For instance, it could have been the shock caused by the new and improved “all-day kindergarten.” When your child only leaves for half of the day, it seems like an extension of preschool. But when your youngest leaves at 8:30 in the morning and doesn’t return until 4, it seems to be an eternity.
I began to think that this newfound trepidation had something to do with the choices I’d made. After all, I had been a stay-at-home mom for seven years. However, I quickly realized that this had nothing to do with it. I’ve since met many moms who work outside the home who experienced the same emotions as I did.
It simply doesn’t matter what your schedule is like before your child goes to school for the first time. Instead, it is the enormity of the step she is taking and the realization that your child is growing up and, in turn, slowly growing away from you that sparks these deep emotions.
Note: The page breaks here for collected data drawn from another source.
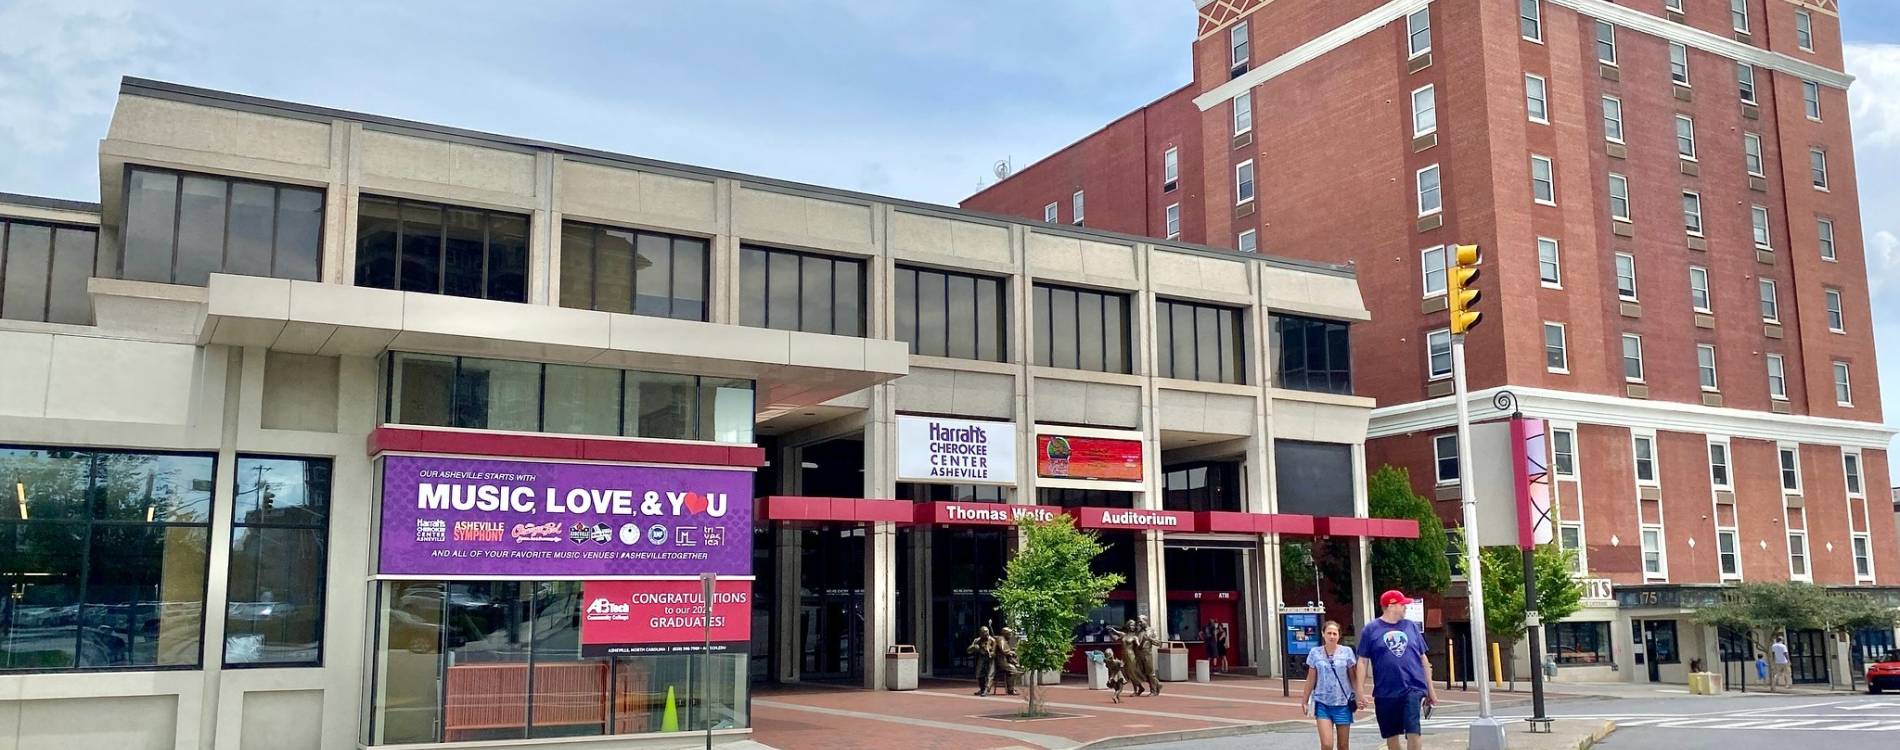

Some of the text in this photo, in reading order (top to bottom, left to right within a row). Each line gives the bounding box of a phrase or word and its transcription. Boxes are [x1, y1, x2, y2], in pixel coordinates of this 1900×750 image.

[929, 422, 987, 443] Harrah's
[929, 442, 987, 455] CHEROKEE
[930, 455, 987, 467] CENTER
[419, 470, 438, 478] OUR
[438, 471, 483, 479] ASHEVILLE
[484, 472, 514, 480] STARTS
[930, 467, 988, 478] ASHEVILLE
[417, 482, 536, 514] MUSIC,
[546, 487, 637, 517] LOVE,
[640, 490, 664, 516] &
[947, 505, 1054, 522] Thomas Wolfe
[1101, 511, 1177, 526] Auditorium
[454, 521, 505, 531] ASHEVILLE
[453, 530, 504, 542] SYMPHONY
[452, 550, 467, 558] ALL
[510, 551, 552, 559] FAVORITE
[620, 552, 708, 560] #ASHEVILLETOGETHER
[632, 592, 746, 604] CONGRATULTIONS
[664, 606, 672, 614] to
[692, 605, 713, 614] 202
[650, 617, 725, 628] GRADUATES!
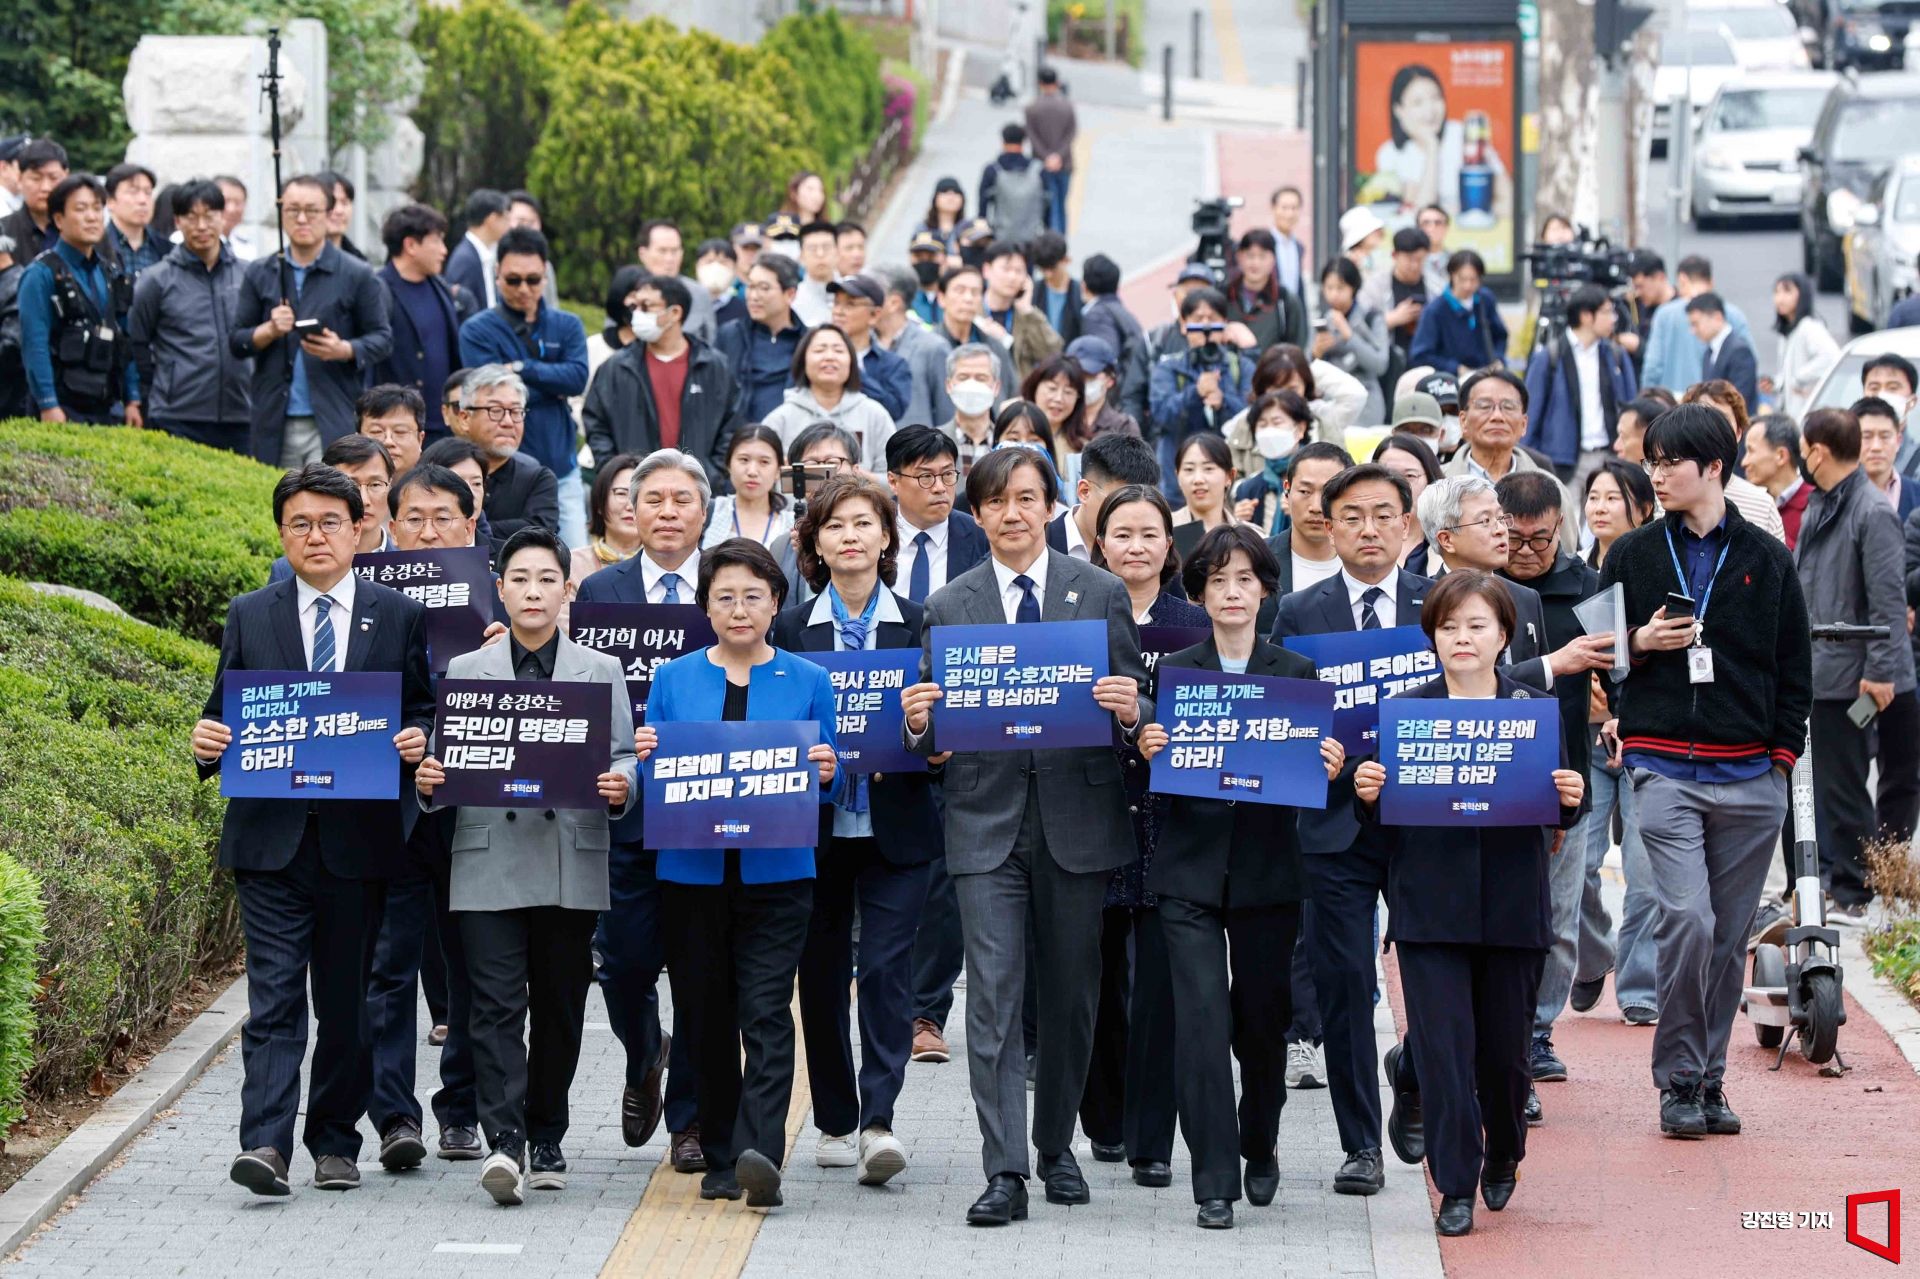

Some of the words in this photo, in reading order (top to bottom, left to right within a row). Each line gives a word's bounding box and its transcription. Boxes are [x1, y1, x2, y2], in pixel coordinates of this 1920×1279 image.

[380, 562, 443, 582] 송경호는
[403, 582, 470, 609] 명령을
[575, 627, 637, 650] 김건희
[643, 628, 686, 650] 여사
[944, 645, 1016, 667] 검사들은
[1369, 650, 1436, 679] 주어진
[829, 670, 865, 690] 역사
[868, 669, 904, 689] 앞에
[944, 667, 999, 687] 공익의
[1003, 664, 1093, 686] 수호자라는
[1316, 661, 1364, 686] 찰에
[241, 684, 284, 703] 검사들
[288, 681, 332, 698] 기개는
[445, 692, 494, 710] 이원석
[498, 693, 563, 712] 송경호는
[847, 692, 883, 712] 않은
[945, 689, 982, 708] 본분
[986, 686, 1059, 708] 명심하라
[1175, 684, 1218, 700] 검사들
[1221, 684, 1265, 699] 기개는
[1333, 684, 1378, 711] 지막
[241, 701, 300, 720] 어디갔나
[1174, 702, 1232, 717] 어디갔나
[239, 717, 309, 745] 소소한
[313, 712, 389, 737] 저항이라도
[443, 716, 514, 742] 국민의
[518, 718, 589, 743] 명령을
[1005, 725, 1042, 735] 조국혁신당
[1170, 719, 1240, 742] 소소한
[1244, 718, 1319, 741] 저항이라도
[1396, 719, 1452, 739] 검찰은
[1456, 719, 1495, 739] 역사
[1497, 719, 1536, 739] 앞에
[240, 745, 295, 772] 하라!
[442, 745, 516, 771] 따르라
[653, 752, 723, 780] 검찰에
[728, 746, 798, 772] 주어진
[1170, 746, 1224, 769] 하라!
[1397, 742, 1472, 762] 부끄럽지
[1475, 742, 1513, 762] 않은
[295, 775, 332, 784] 조국혁신당
[1223, 776, 1260, 788] 조국혁신당
[1398, 765, 1453, 785] 결정을
[1457, 765, 1497, 785] 하라
[503, 784, 540, 793] 조국혁신당
[664, 777, 734, 804] 마지막
[738, 770, 809, 798] 기회다
[1452, 802, 1489, 811] 조국혁신당
[714, 824, 750, 833] 조국혁신당
The following year, it was my neighbor who fretted over sending her only child off to “big” school. We made a joint decision to get together for breakfast. She wanted a shoulder to lean on and I was more than willing to listen. I have to admit that it was comforting to know that I wasn’t the only one who worried over my child leaving for school for the first time.
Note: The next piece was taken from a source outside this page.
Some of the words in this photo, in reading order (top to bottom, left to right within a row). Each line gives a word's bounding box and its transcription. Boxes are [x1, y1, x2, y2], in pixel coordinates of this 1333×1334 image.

Before the day arrived, two other moms heard about our plan and decided to join us. Our breakfast that morning served as a release. We talked, laughed and cried for two-and-a-half hours over omelettes and coffee. At the end of it all, we realized we only had a scant amount of time to run a few errands and get to the bus, so we went our separate ways.
Almost four years have passed since my daughter’s first day of elementary school, and I am glad to report that our “breakfast club” has grown. Some of us have offices at home, some are stay-at-home moms and some work full time outside the home. It doesn’t matter. What brings us together each “first day” of school is our bond as concerned moms and our willingness to celebrate and share a new chapter in our children’s lives.
Our group serves as a support system for those moms who drop off their youngest for the first time and a social club for the rest of us. In any case, it is in the sharing of this experience amongst friends that makes the journey that much easier.
Myrna Beth Haskell is a mother and freelance writer.